[[ Records shown open ]]

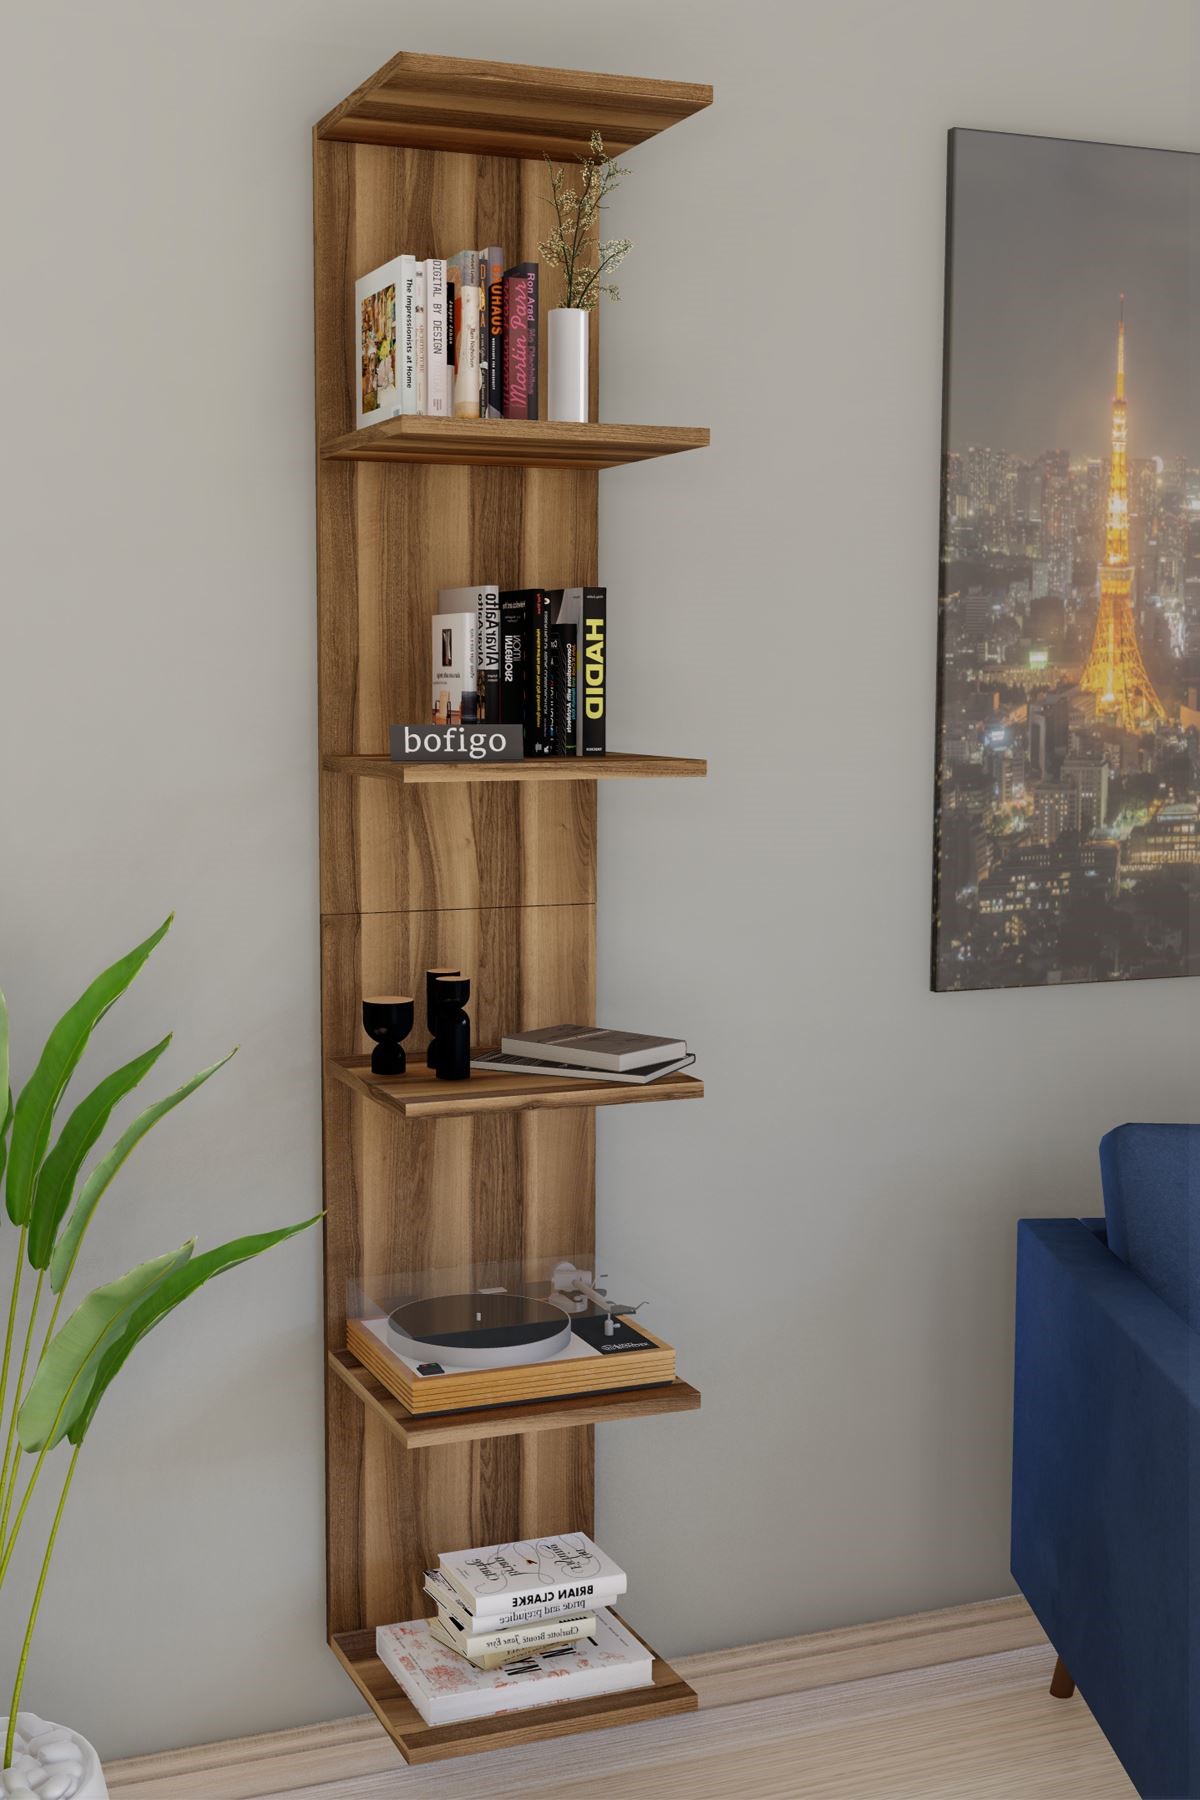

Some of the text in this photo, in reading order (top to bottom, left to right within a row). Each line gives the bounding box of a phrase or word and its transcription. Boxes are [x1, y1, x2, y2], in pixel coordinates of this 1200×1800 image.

[405, 295, 413, 353] Impressionists
[433, 260, 442, 355] DIGITAL BY DESIGN
[491, 263, 503, 335] BAUHAUS
[527, 272, 536, 321] Ron Arad
[406, 355, 413, 363] at
[510, 281, 527, 407] Martin Parr
[404, 726, 507, 759] bofigo
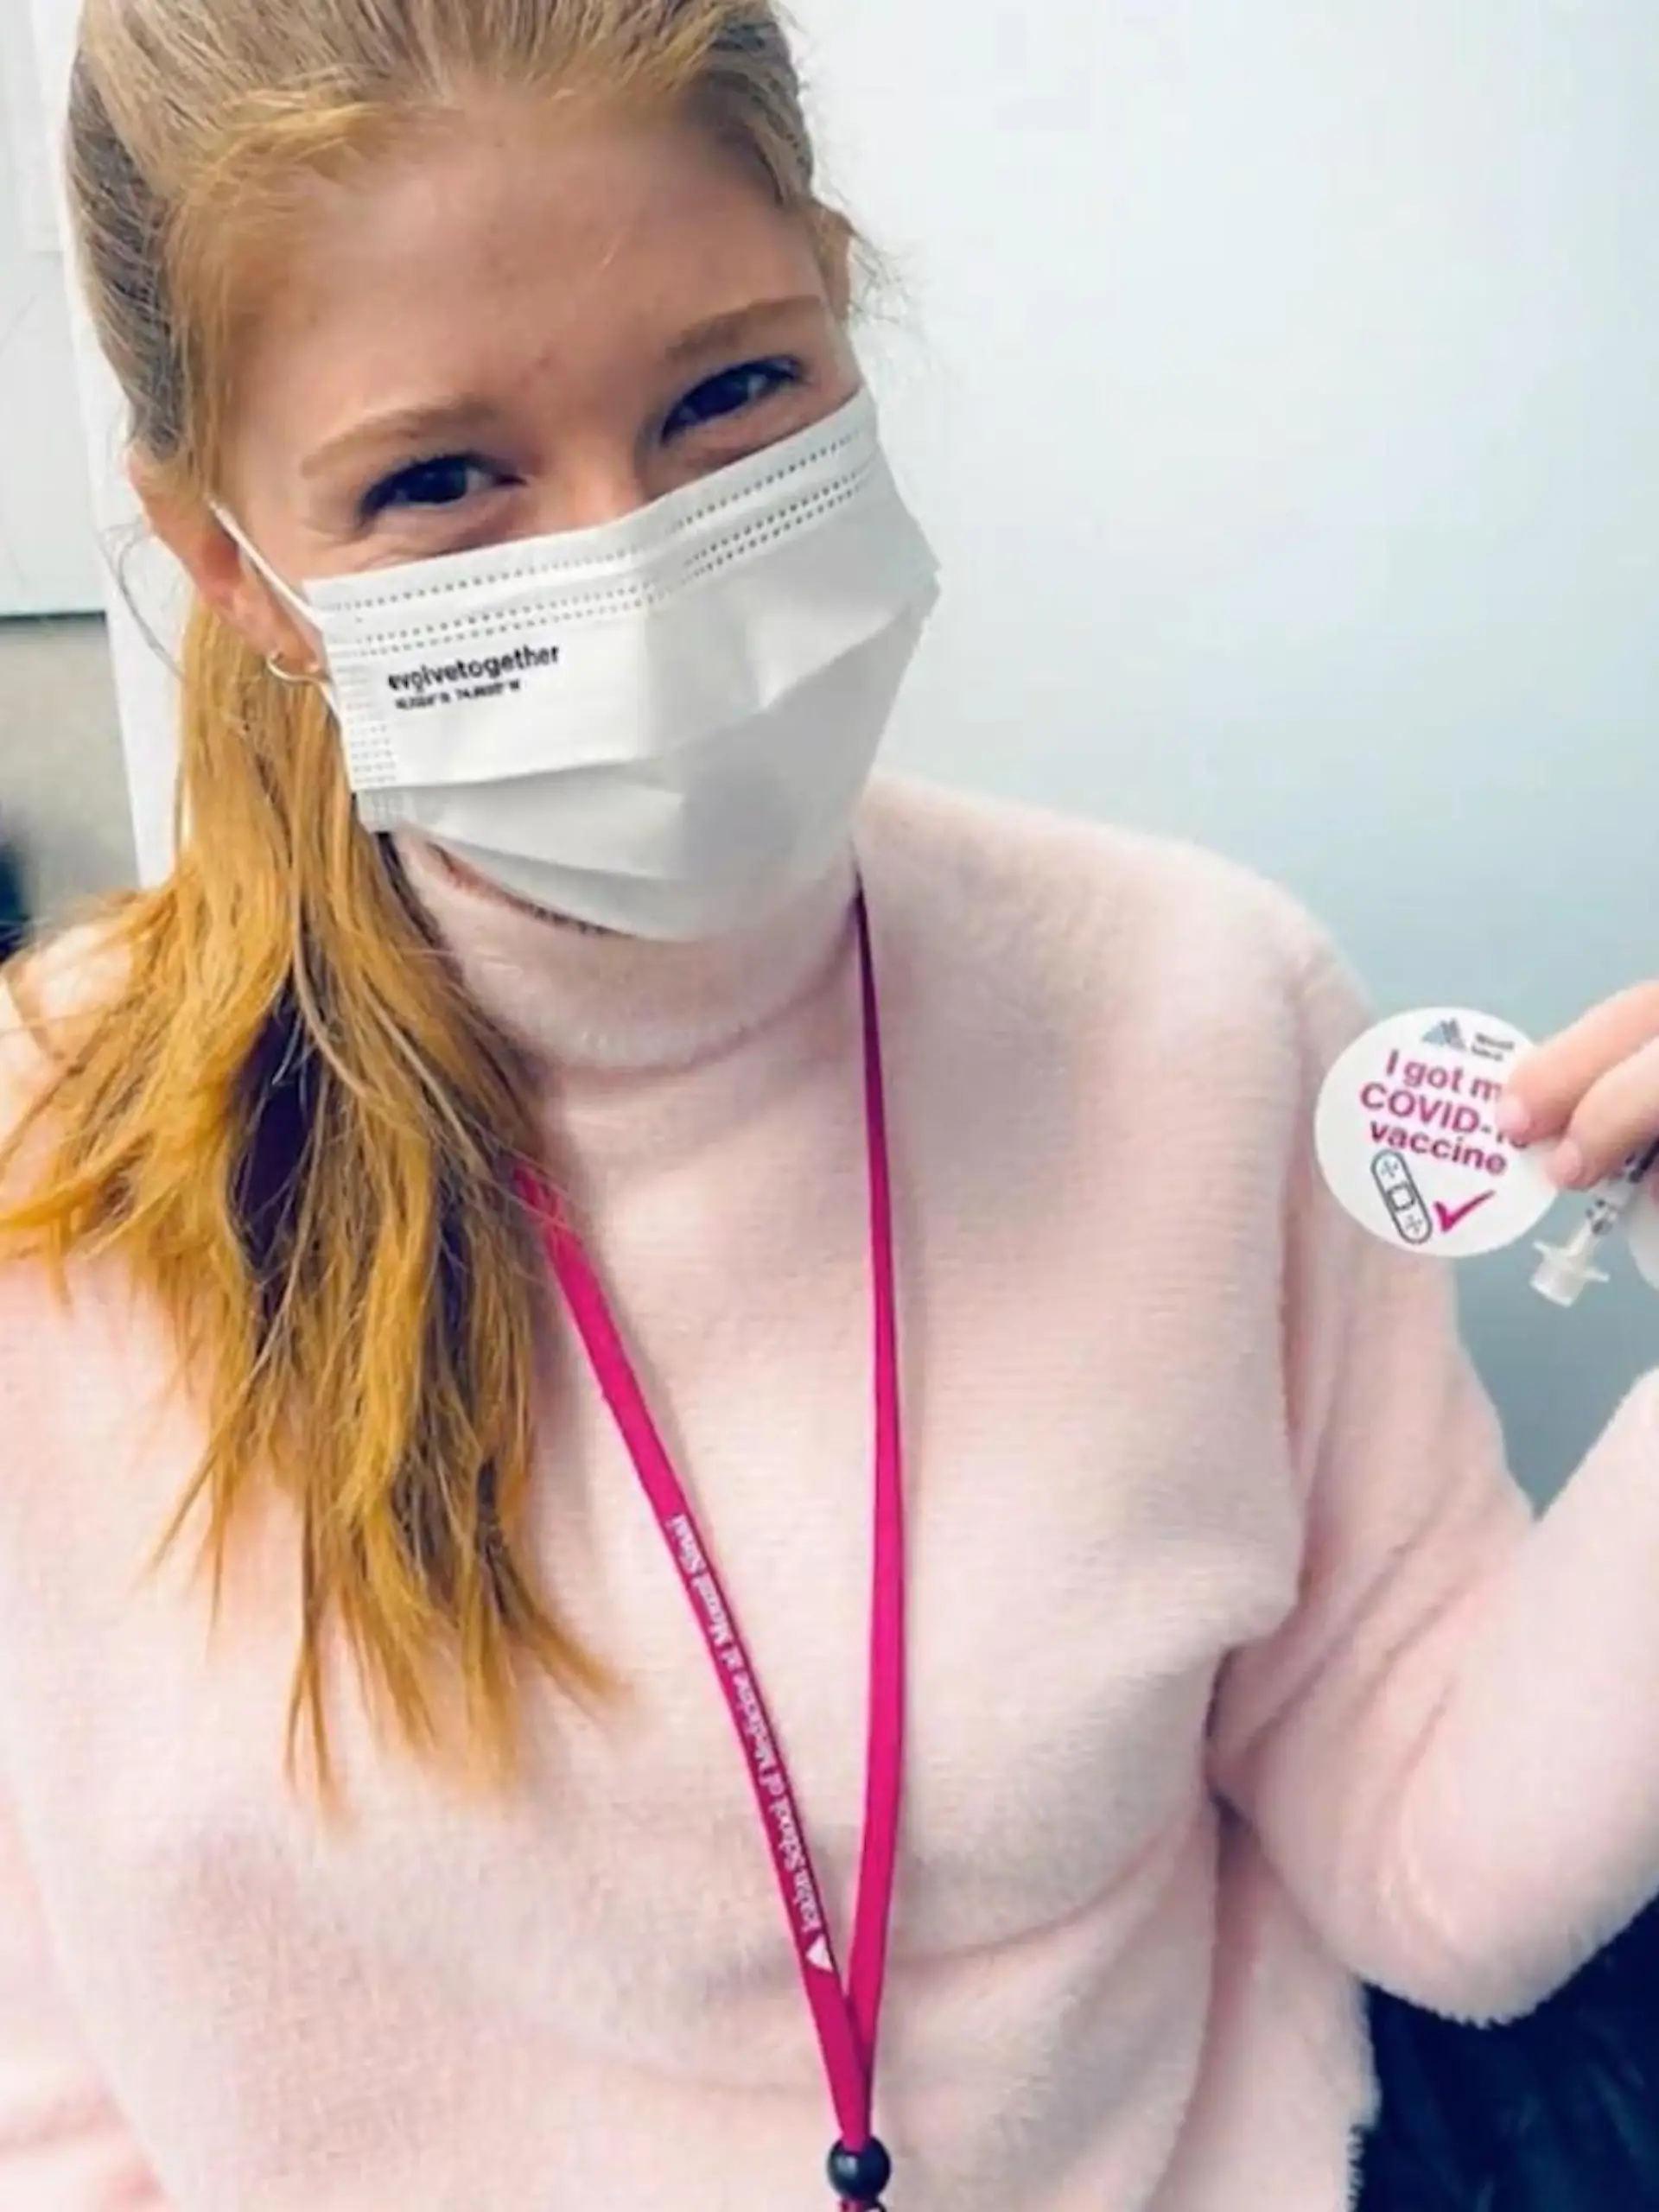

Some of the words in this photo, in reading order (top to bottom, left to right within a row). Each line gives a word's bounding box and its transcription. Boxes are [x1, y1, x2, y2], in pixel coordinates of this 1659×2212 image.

[388, 645, 559, 692] evolvetogether
[1385, 1049, 1400, 1077] I
[1404, 1061, 1463, 1092] got
[1469, 1076, 1503, 1103] m
[1360, 1082, 1530, 1150] COVID-
[1370, 1121, 1508, 1176] vaccine
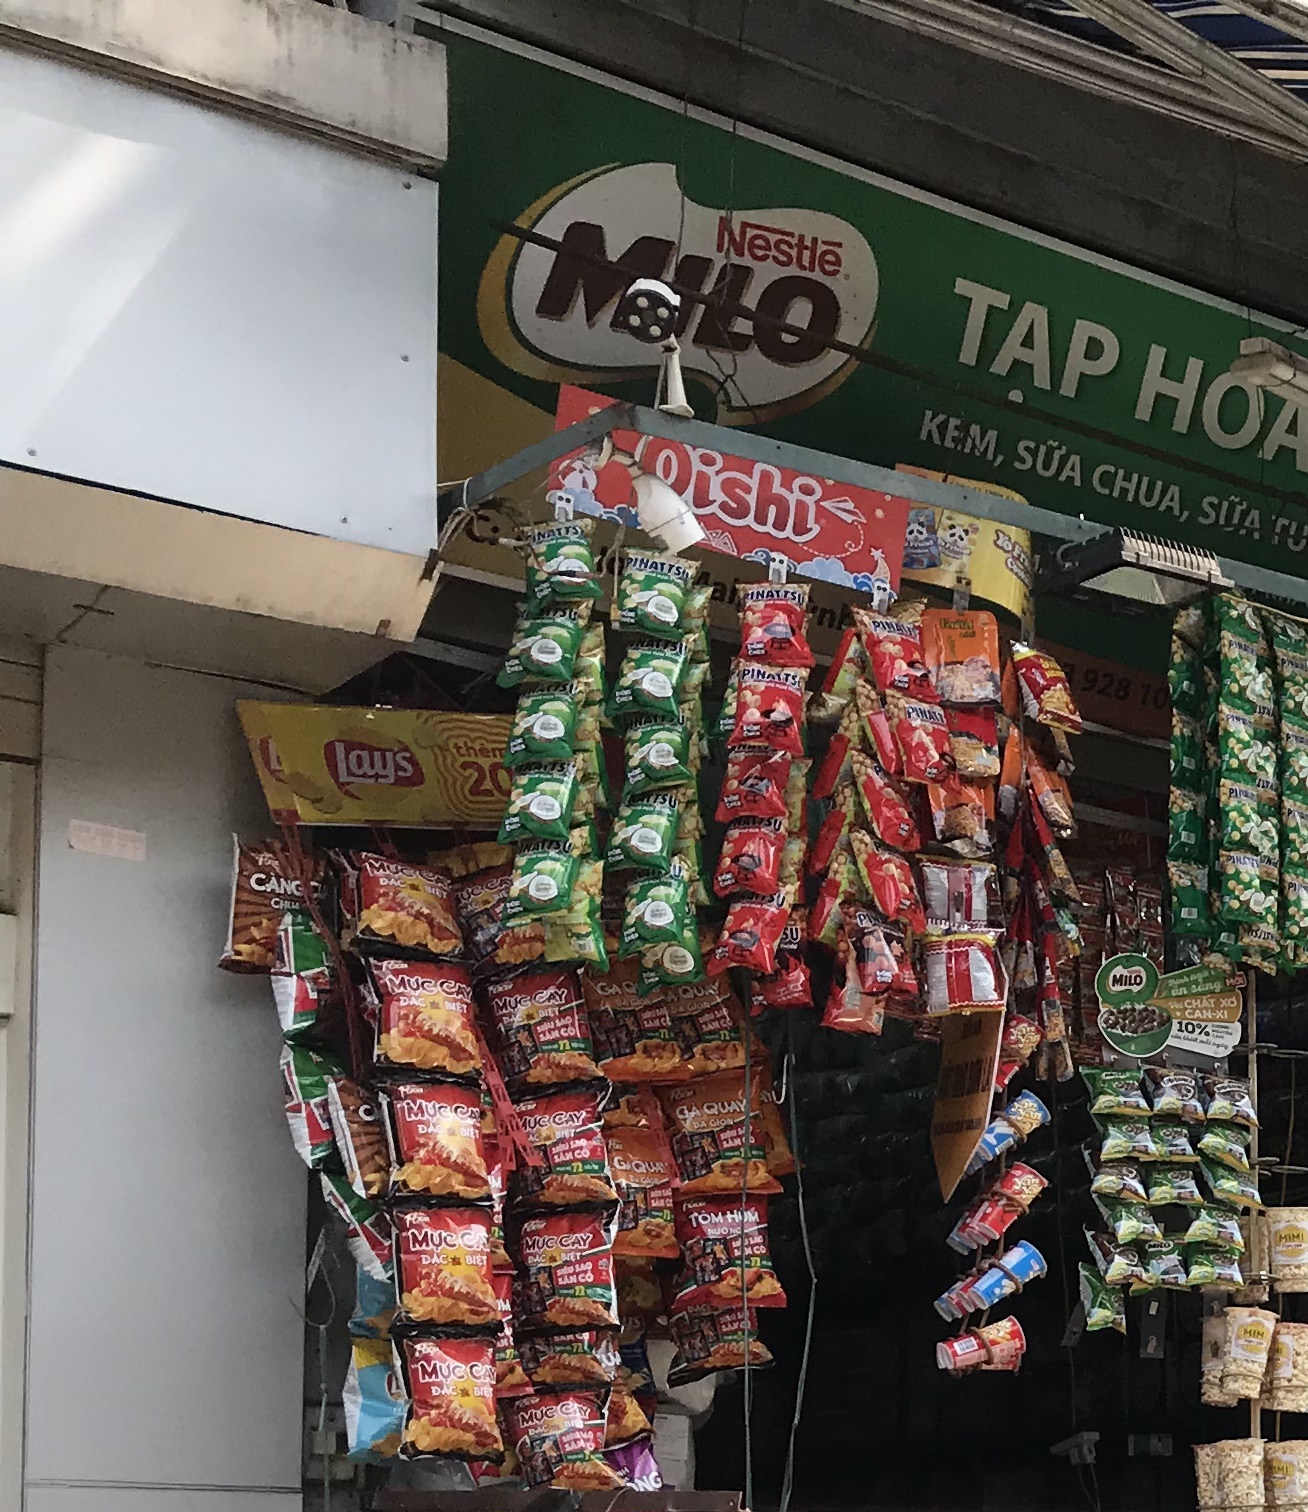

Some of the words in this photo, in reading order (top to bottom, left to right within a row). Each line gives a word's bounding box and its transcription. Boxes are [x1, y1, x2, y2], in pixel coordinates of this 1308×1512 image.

[[ Records shown closed ]]

## Task brief
What is needed is a word-for-word copy of the data, minus its pictures.

## Solution to the problem
Some of the text in this photo, in reading order (top to bottom, left to right within a row). Each line gives the bounding box of a phrase or word and its transcription. Boxes are [x1, y1, x2, y2], in pixel coordinates of this 1200×1800 image.

[405, 295, 413, 353] Impressionists
[433, 260, 442, 355] DIGITAL BY DESIGN
[491, 263, 503, 335] BAUHAUS
[527, 272, 536, 321] Ron Arad
[406, 355, 413, 363] at
[510, 281, 527, 407] Martin Parr
[404, 726, 507, 759] bofigo

Some of the words in this photo, in reading order (top to bottom, left to right within a row). Each line gives a word's bounding box and its transcription. Boxes are [x1, y1, x2, y2], in pixel coordinates of this 1659×2212 image.

[388, 645, 559, 692] evolvetogether
[1385, 1049, 1400, 1077] I
[1404, 1061, 1463, 1092] got
[1469, 1076, 1503, 1103] m
[1360, 1082, 1530, 1150] COVID-
[1370, 1121, 1508, 1176] vaccine

Some of the words in this photo, in reading order (top to bottom, left to right within a row). Each line gives a word's bounding box and its transcription. Boxes are [x1, y1, x2, y2], in pixel coordinates of this 1308×1512 image.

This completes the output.